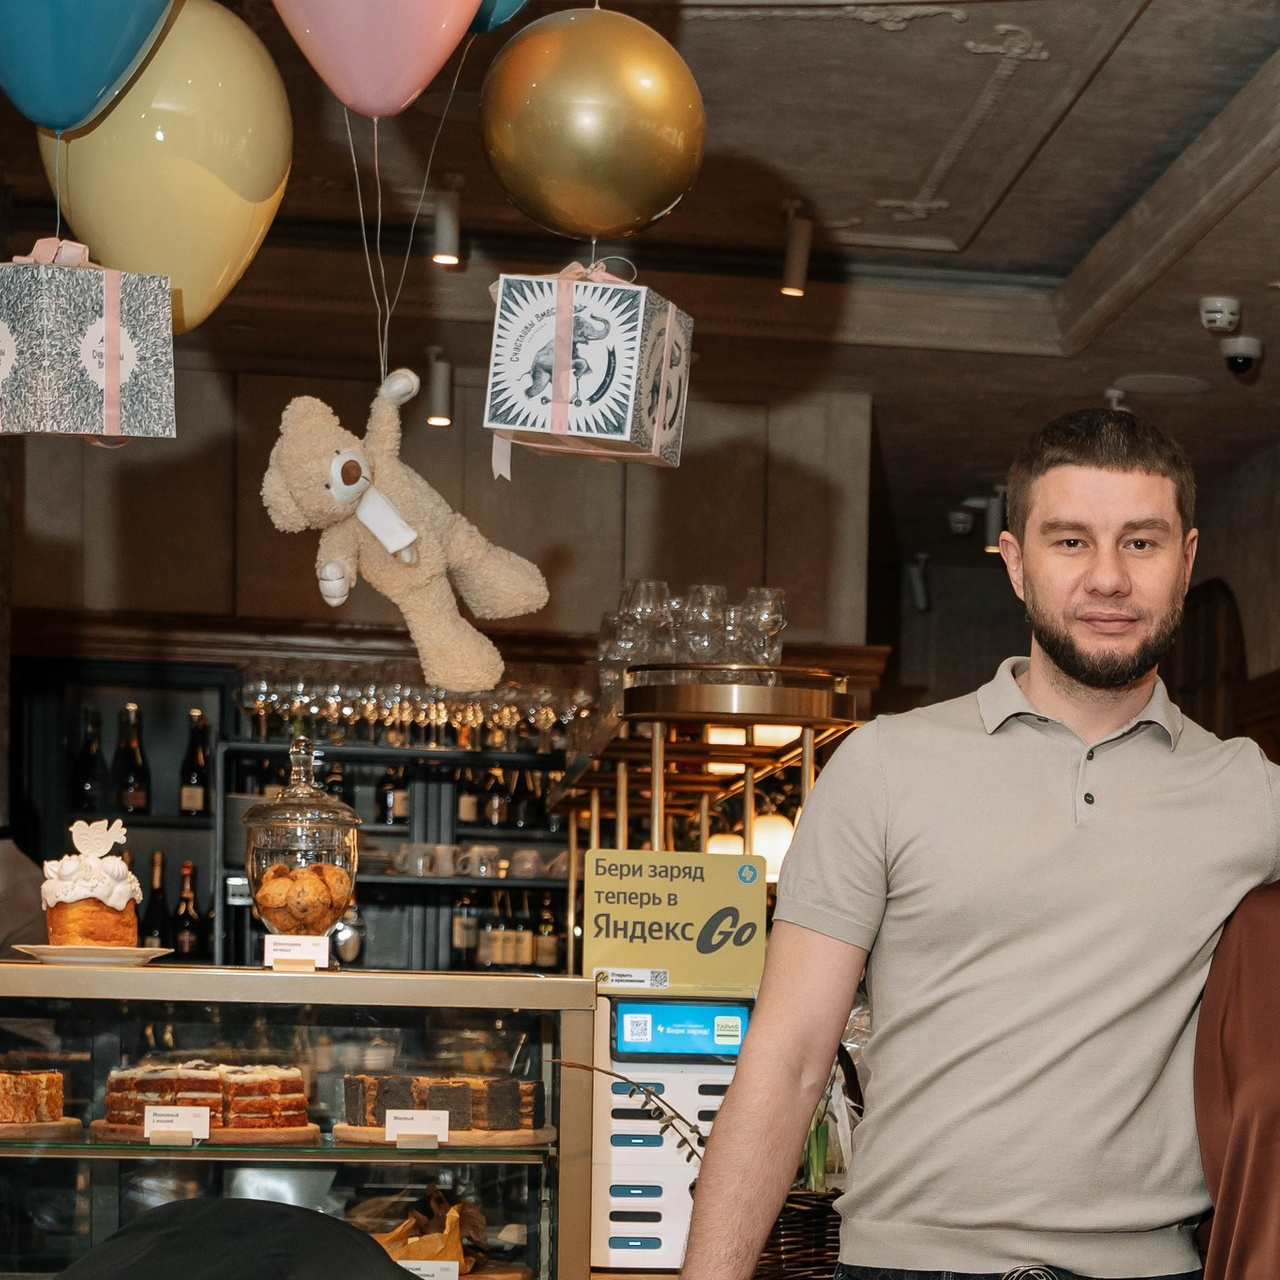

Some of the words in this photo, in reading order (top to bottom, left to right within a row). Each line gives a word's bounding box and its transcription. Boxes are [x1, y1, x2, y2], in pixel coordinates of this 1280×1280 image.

[594, 858, 643, 882] Бери
[648, 864, 705, 882] заряд
[594, 890, 662, 908] теперь
[667, 893, 678, 906] в
[593, 913, 694, 943] Яндекс
[696, 906, 757, 954] Go

> [Task directions]
Output every record exactly, minus the pictures.

> [Answer for this exercise]
Some of the words in this photo, in reading order (top to bottom, left to right within a row). Each line gives a word's bounding box and its transcription. Boxes are [x1, y1, x2, y2], in pixel coordinates of this 1280×1280 image.

[594, 858, 643, 882] Бери
[648, 864, 705, 882] заряд
[594, 890, 662, 908] теперь
[667, 893, 678, 906] в
[593, 913, 694, 943] Яндекс
[696, 906, 757, 954] Go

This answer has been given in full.